Cusimano, Natalie; Stadler, Tanja; Renner, Susanne S.
A new method for handling missing species in diversification analysis applicable to randomly or non-randomly sampled phylogenies.
In: Systematic biology, Vol. 61, No. 5: pp. 785-792
Chronograms from molecular dating are increasingly being used to infer rates of diversification and their change over time. A major limitation in such analyses is incomplete species sampling that moreover is usually nonrandom. While the widely used γ statistic with the Monte Carlo constant-rates test or the birth–death likelihood analysis with the ΔAICrc test statistic are appropriate for comparing the fit of different diversification models in phylogenies with random species sampling, no objective automated method has been developed for fitting diversification models to nonrandomly sampled phylogenies.
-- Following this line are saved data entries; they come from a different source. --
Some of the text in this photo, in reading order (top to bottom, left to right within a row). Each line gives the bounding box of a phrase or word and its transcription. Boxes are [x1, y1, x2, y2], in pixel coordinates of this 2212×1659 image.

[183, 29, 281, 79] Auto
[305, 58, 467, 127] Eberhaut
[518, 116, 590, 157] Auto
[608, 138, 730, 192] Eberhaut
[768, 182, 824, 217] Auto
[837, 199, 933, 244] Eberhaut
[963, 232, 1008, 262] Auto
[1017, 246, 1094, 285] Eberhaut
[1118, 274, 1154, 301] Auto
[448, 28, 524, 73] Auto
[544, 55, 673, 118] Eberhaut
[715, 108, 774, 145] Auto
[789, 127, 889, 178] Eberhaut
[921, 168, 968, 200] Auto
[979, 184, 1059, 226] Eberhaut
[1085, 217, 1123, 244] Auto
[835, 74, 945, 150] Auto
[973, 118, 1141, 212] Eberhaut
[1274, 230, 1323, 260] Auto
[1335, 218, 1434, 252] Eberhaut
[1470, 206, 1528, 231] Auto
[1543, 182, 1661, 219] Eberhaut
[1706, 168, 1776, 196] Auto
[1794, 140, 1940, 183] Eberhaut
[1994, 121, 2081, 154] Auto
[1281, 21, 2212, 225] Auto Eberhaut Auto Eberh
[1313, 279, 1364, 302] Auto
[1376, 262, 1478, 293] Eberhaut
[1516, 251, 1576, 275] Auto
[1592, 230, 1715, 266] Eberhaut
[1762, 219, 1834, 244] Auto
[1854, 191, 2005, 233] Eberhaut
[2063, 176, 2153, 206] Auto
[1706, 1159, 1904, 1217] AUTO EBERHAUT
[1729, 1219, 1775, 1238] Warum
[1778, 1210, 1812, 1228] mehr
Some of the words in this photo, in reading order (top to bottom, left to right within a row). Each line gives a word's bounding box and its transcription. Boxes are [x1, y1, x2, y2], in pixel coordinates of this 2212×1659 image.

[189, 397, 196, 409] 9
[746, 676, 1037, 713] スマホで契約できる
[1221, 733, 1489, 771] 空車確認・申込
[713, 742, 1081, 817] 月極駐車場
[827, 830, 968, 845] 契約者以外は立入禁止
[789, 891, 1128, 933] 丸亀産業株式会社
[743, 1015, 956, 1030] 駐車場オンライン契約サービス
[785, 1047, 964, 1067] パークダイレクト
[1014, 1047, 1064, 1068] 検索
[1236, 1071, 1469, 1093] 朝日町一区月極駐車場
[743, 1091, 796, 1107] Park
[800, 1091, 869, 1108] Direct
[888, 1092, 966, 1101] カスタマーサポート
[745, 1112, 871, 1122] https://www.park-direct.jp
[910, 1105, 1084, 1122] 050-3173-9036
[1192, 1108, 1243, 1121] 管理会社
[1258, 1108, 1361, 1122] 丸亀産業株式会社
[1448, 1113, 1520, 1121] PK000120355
Here, we introduce a novel approach, CorSiM, which involves simulating missing splits under a constant rate birth–death model and allows the user to specify whether species sampling in the phylogeny being analyzed is random or nonrandom. The completed trees can be used in subsequent model-fitting analyses. This is fundamentally different from previous diversification rate estimation methods, which were based on null distributions derived from the incomplete trees. CorSiM is automated in an R package and can easily be applied to large data sets.We illustrate the approach in two Araceae clades, one with a random species sampling of 52% and one with a nonrandom sampling of 55%. In the latter clade, the CorSiM approach detects and quantifies an increase in diversification rate, whereas classic approaches prefer a constant rate model; in the former clade, results do not differ among methods (as indeed expected since the classic approaches are valid only for randomly sampled phylogenies). The CorSiM method greatly reduces the type I error in diversification analysis, but type II error remains a methodological problem.